Task item: Leaving out the pictures, output each record exactly as it stands.

Record excerpts:
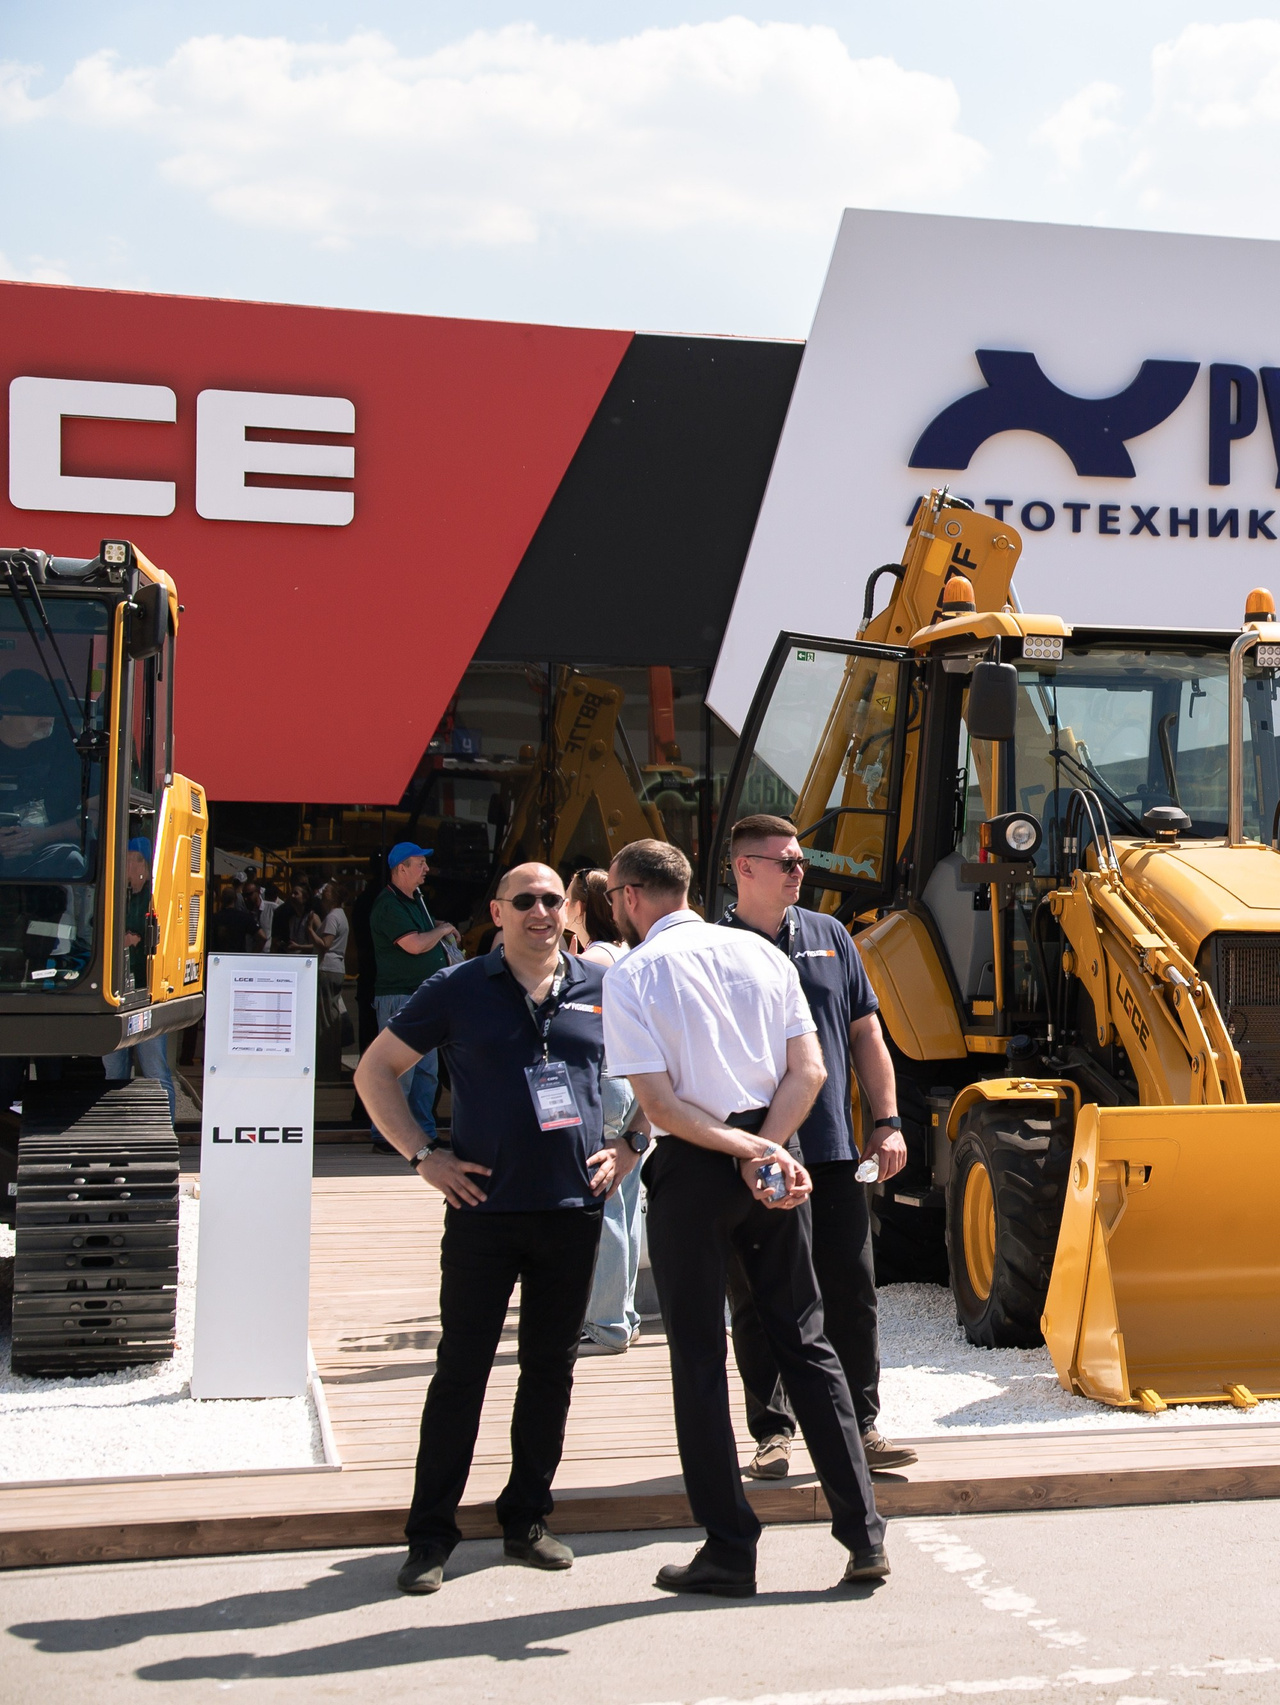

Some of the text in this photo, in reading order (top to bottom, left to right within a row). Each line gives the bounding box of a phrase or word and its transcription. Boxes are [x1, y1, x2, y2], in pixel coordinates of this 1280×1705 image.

[9, 376, 356, 526] CE
[1116, 973, 1150, 1052] LGCE
[212, 1127, 303, 1144] LGCE
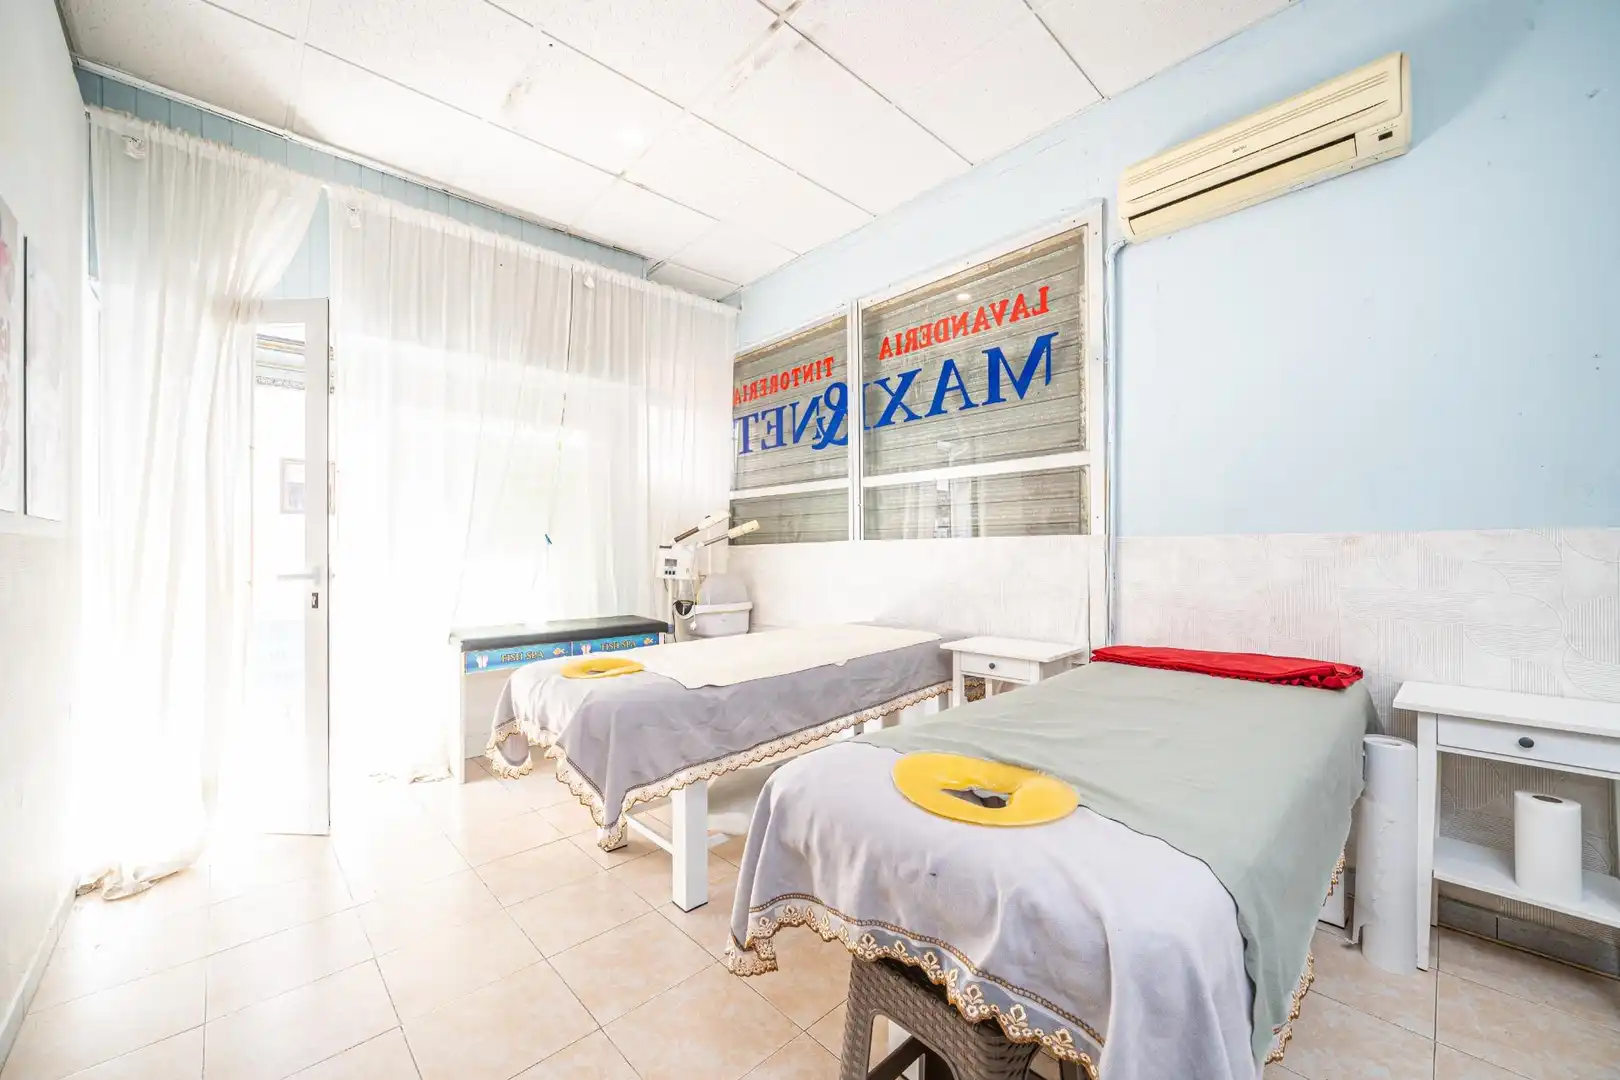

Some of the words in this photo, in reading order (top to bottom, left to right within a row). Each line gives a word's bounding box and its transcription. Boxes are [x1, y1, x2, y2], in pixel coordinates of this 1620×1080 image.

Answer space:
Some of the text in this photo, in reading order (top to bottom, left to right within a row). Each line gives the bounding box of a phrase or word and its transcription. Boxes are [x1, y1, x2, y2], in pixel coordinates of this 1280×1705 image.

[9, 376, 356, 526] CE
[1116, 973, 1150, 1052] LGCE
[212, 1127, 303, 1144] LGCE

Some of the words in this photo, in reading order (top to bottom, left to right within a row). Each line gives a word's bounding box and its transcription. Boxes are [x1, y1, x2, y2], in pixel coordinates of this 1620×1080 image.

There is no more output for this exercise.